Top of Data provided

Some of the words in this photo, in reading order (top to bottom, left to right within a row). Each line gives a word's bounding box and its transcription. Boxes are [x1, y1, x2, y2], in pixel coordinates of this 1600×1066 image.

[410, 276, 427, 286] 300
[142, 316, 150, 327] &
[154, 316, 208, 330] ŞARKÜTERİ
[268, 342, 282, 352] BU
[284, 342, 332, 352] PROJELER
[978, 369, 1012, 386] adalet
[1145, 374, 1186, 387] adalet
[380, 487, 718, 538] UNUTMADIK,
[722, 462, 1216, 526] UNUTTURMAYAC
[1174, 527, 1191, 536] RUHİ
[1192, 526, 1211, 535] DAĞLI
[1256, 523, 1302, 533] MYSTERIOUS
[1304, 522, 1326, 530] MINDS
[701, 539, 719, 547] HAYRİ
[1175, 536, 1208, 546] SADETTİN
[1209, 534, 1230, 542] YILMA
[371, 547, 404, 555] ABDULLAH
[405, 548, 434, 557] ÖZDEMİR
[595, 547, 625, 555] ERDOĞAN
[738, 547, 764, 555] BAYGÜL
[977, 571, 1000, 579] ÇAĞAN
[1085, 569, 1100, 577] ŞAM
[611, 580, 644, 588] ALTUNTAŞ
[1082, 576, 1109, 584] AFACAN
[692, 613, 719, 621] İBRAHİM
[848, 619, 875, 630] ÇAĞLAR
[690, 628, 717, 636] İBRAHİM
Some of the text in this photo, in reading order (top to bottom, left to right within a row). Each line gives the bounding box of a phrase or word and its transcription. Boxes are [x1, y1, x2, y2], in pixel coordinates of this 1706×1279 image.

Bottom of Data provided
Top of Data provided

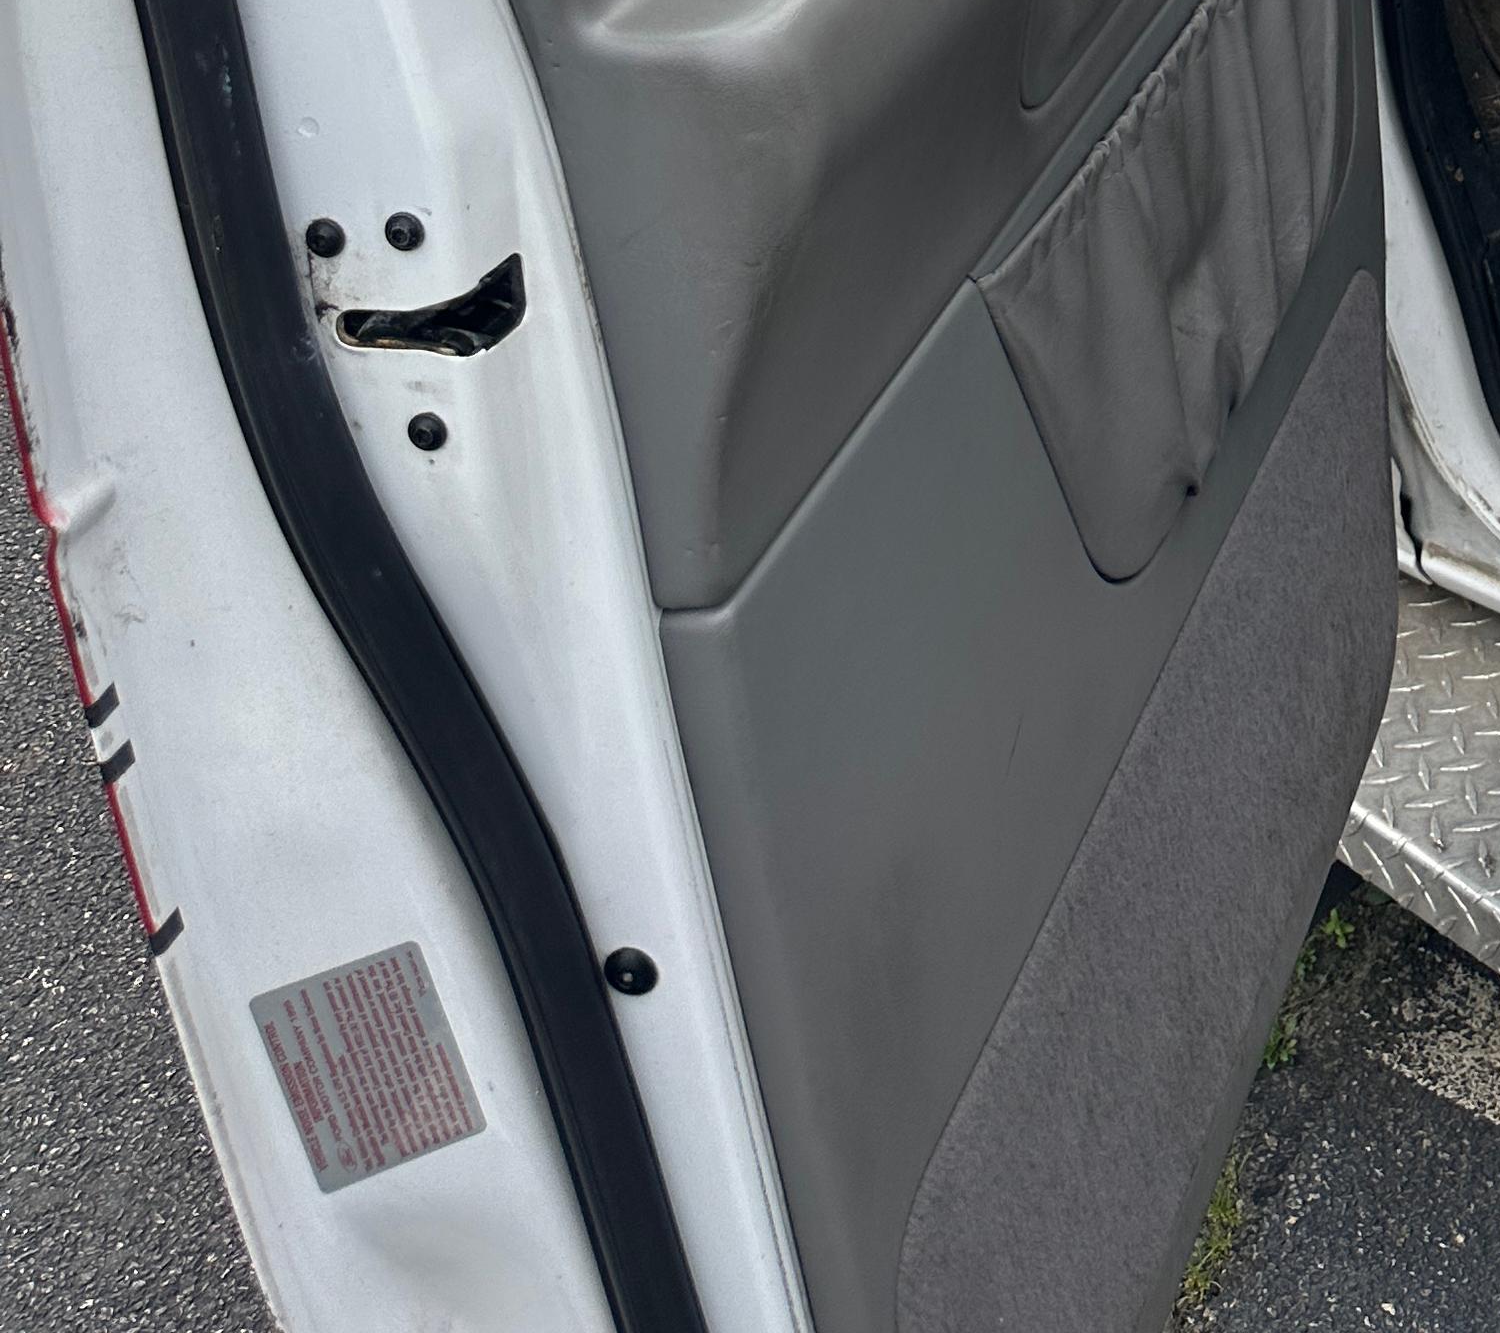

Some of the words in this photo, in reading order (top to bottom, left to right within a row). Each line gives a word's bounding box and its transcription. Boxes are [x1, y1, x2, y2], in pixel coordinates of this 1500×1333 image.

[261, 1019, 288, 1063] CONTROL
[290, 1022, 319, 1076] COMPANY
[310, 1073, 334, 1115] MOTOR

Bottom of Data provided

• _To do_
From the data above, output only the lines between the line containing "this 1600×1066 image." and the line containing "Some of the text", inclusive, exactly as written.

• _Solved exercise_
Some of the words in this photo, in reading order (top to bottom, left to right within a row). Each line gives a word's bounding box and its transcription. Boxes are [x1, y1, x2, y2], in pixel coordinates of this 1600×1066 image.

[410, 276, 427, 286] 300
[142, 316, 150, 327] &
[154, 316, 208, 330] ŞARKÜTERİ
[268, 342, 282, 352] BU
[284, 342, 332, 352] PROJELER
[978, 369, 1012, 386] adalet
[1145, 374, 1186, 387] adalet
[380, 487, 718, 538] UNUTMADIK,
[722, 462, 1216, 526] UNUTTURMAYAC
[1174, 527, 1191, 536] RUHİ
[1192, 526, 1211, 535] DAĞLI
[1256, 523, 1302, 533] MYSTERIOUS
[1304, 522, 1326, 530] MINDS
[701, 539, 719, 547] HAYRİ
[1175, 536, 1208, 546] SADETTİN
[1209, 534, 1230, 542] YILMA
[371, 547, 404, 555] ABDULLAH
[405, 548, 434, 557] ÖZDEMİR
[595, 547, 625, 555] ERDOĞAN
[738, 547, 764, 555] BAYGÜL
[977, 571, 1000, 579] ÇAĞAN
[1085, 569, 1100, 577] ŞAM
[611, 580, 644, 588] ALTUNTAŞ
[1082, 576, 1109, 584] AFACAN
[692, 613, 719, 621] İBRAHİM
[848, 619, 875, 630] ÇAĞLAR
[690, 628, 717, 636] İBRAHİM
Some of the text in this photo, in reading order (top to bottom, left to right within a row). Each line gives the bounding box of a phrase or word and its transcription. Boxes are [x1, y1, x2, y2], in pixel coordinates of this 1706×1279 image.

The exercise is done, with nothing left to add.